'They're our neighbours': Rally voices concerns American abortion decision could impact Alberta

A rally outside the legislature on Sunday called for concrete action to protect abortion access in Alberta in light of reports a U.S. Supreme Court ruling on abortion law could be overturned.

Last week, a leaked draft from the top American court overturning the landmark Roe v. Wade abortion-rights decision sent shockwaves across the globe, introducing the possibility that a nearly 50-year-old precedent could be changed.

While no final determination from the court has been issued, the disclosure of the draft highlighted concerns about abortion access in the United States and Canada.

Nicole Pope moved from New Mexico to Edmonton for school. Should the United States Supreme Court overturn Roe v. Wade, she says she may not return home.
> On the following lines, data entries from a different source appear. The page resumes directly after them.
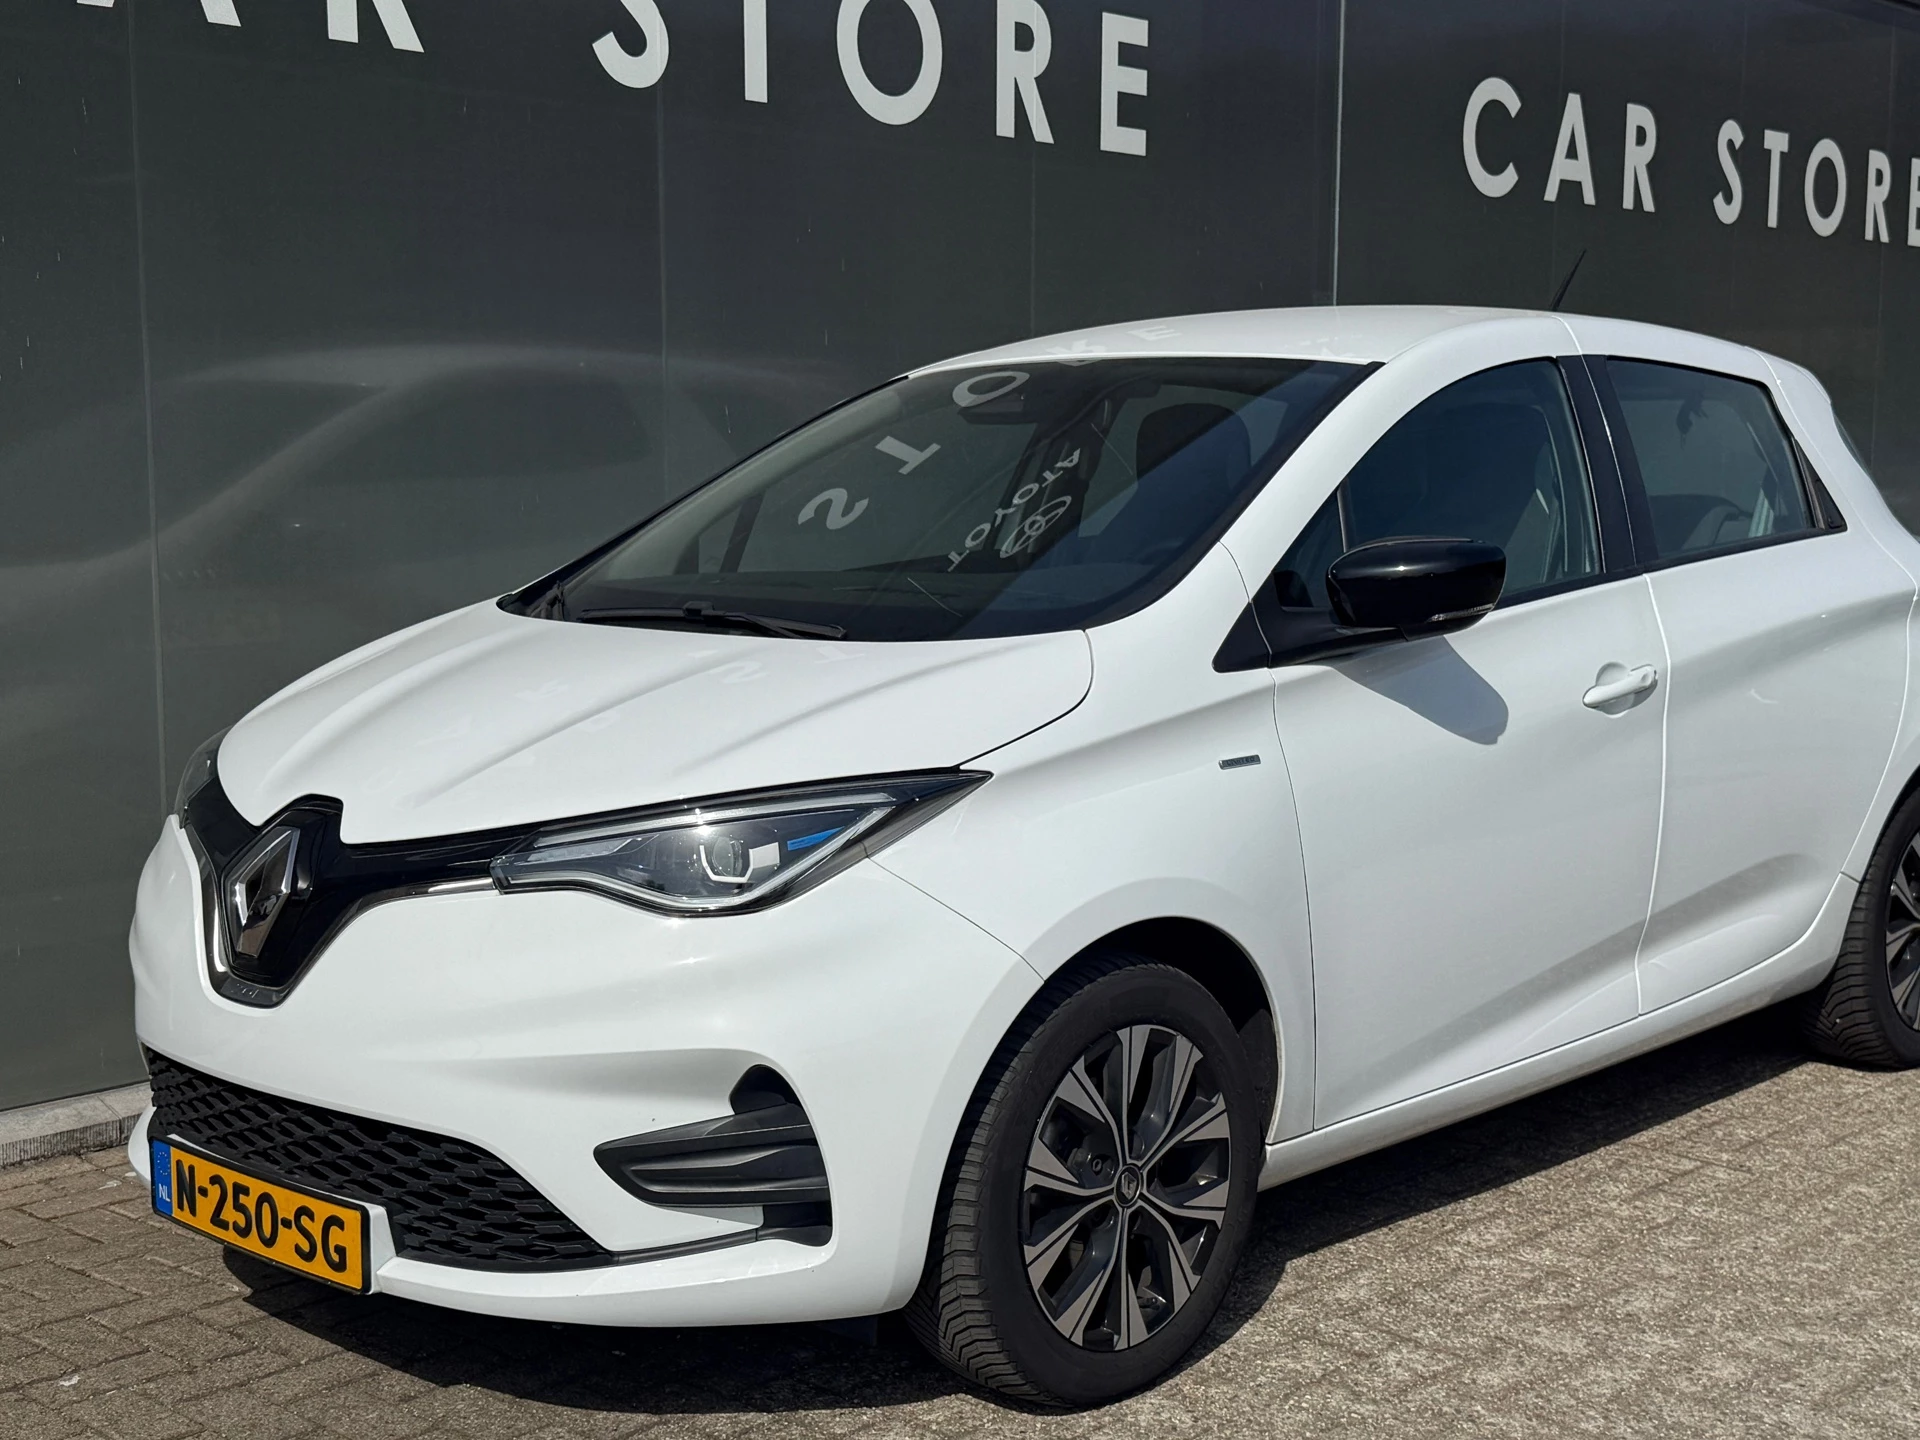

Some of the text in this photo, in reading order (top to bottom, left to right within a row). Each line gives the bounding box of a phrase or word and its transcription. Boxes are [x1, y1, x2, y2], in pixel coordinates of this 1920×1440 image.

[1462, 77, 1920, 248] CAR STORE
[158, 1183, 171, 1202] NL
[176, 1159, 347, 1274] N-250-SG
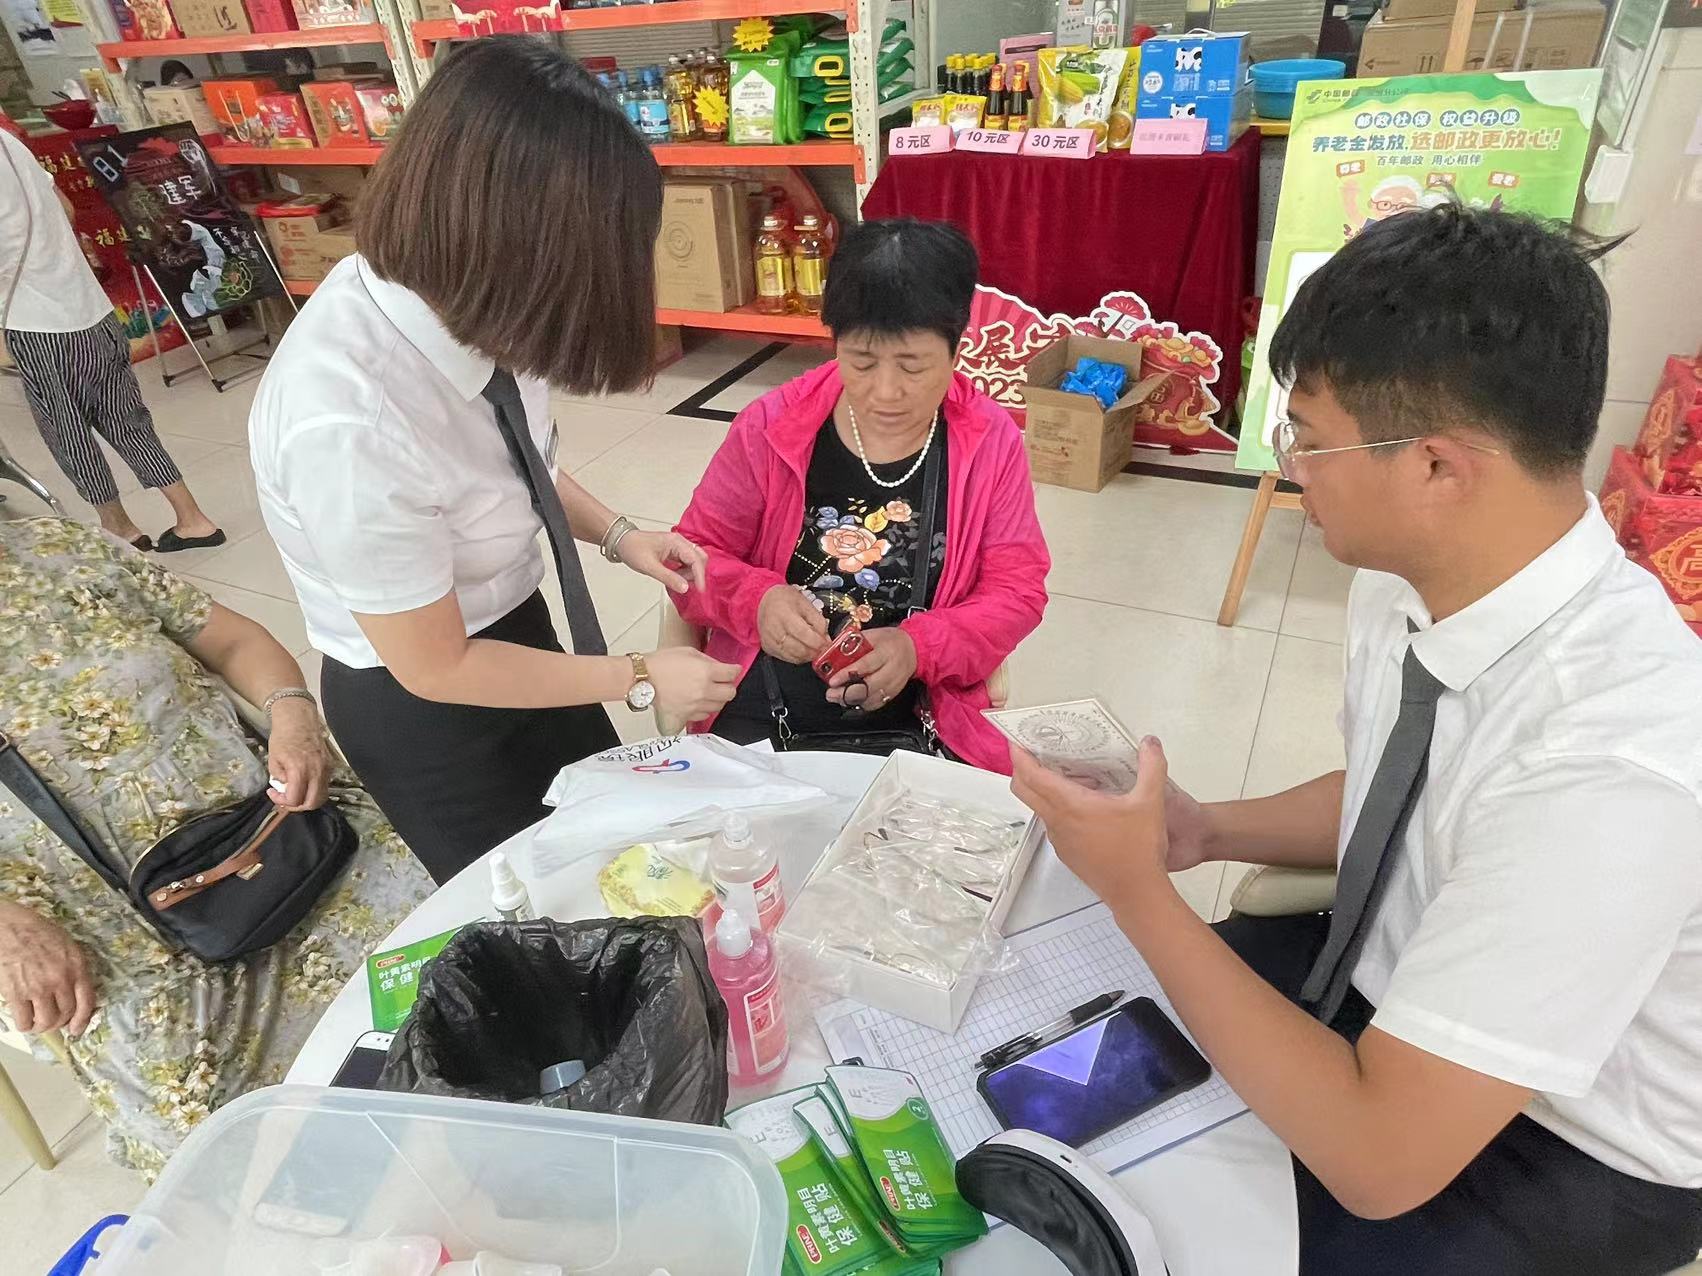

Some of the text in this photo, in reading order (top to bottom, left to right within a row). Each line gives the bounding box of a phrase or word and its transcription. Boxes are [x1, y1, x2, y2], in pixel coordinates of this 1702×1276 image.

[1356, 109, 1519, 128] 邮政社保 权益升级
[895, 135, 931, 149] 8 元区
[967, 131, 1010, 144] 10 元区
[1032, 135, 1080, 149] 30 元区
[1377, 154, 1482, 166] 百年邮政 用心相伴
[797, 1187, 840, 1254] 叶黄素明目
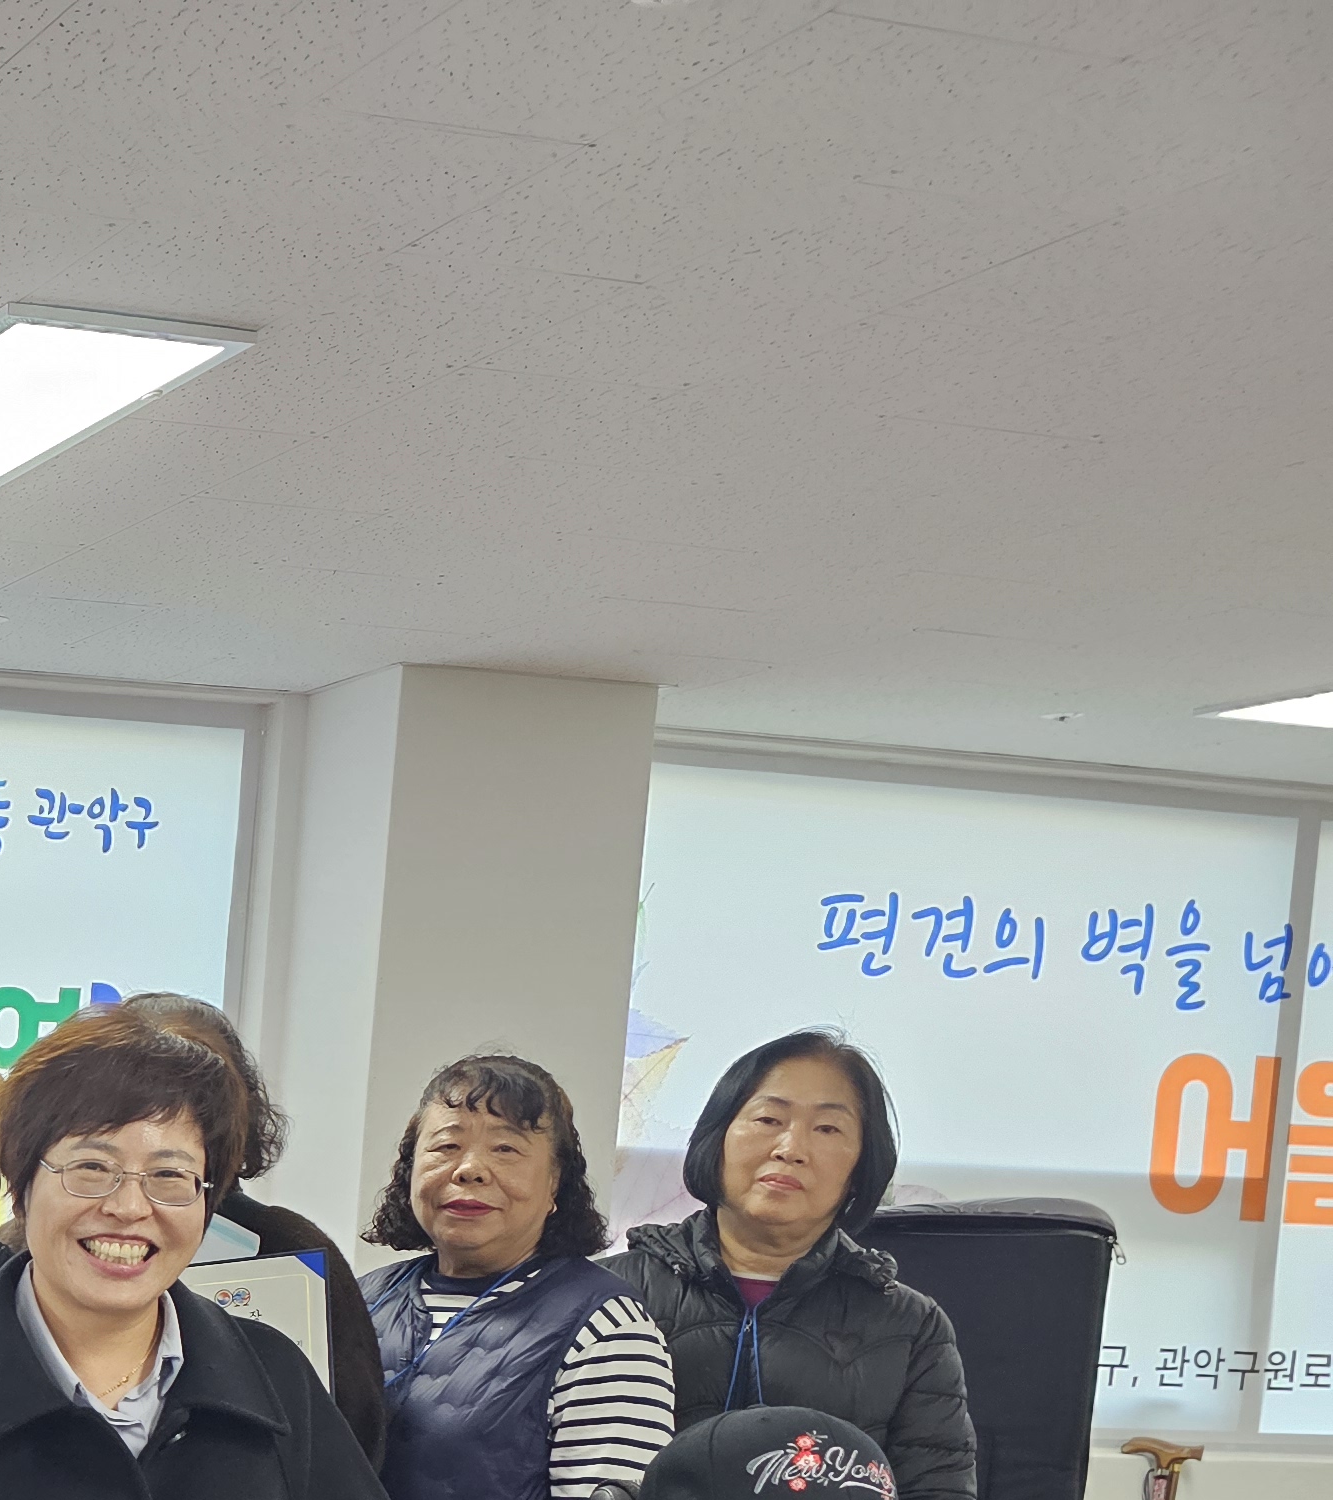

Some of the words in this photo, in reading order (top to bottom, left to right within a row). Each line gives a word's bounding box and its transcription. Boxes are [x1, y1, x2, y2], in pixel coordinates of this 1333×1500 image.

[28, 786, 158, 853] 관악구
[816, 892, 1047, 980] 편견의
[1081, 898, 1211, 1010] 벽을
[746, 1449, 827, 1495] New
[824, 1446, 896, 1497] York
"I think I would be more likely to stay in Canada because I'd like to live somewhere where I have access to healthcare and my rights are being protected," Pope said.

Despite being thousands of kilometres from her Alabama home, Kierston Withrow said she felt compelled to attend the rally outside Alberta's Legislature.

"I was really angry, not surprised," Withrow said.

"Lots of friends, lots of people who could get pregnant and may need an abortion," Withrow said. "I know that they have a lot of privilege in the fact that they have more access, and they can go to another state or even come here to get an abortion, but there are so many people who can't even drive."

Abortion was decriminalized in Canada in 1988, with the federal government passing laws but provinces holding the jurisdiction to determine access and fund services.

A common sentiment among those gathered was worry that what happens south of the border could make its way to Canada.

"With what's going on in the U.S., it's obviously making people pretty worried that the access we have are going to be in jeopardy," said Lauren Higginbotham. "Just with the influence that America has."

"It's the 21st century, and it's happening in the U.S.," said Jessica Skoreyko. "(They're) our neighbours, so you never know."

The New Democratic Party in Alberta wants the United Conservative Party government to take a stance on the issue.

"We would like to see the government actually say definitively that they're going to expand services to other parts of the province that need them," said Sarah Hoffman, NDP deputy leader.

Last week, Premier Jason Kenney accused the Opposition of trying to invent a political controversy.

"The health minister said the government has no intention of changing access to abortion," Kenney said.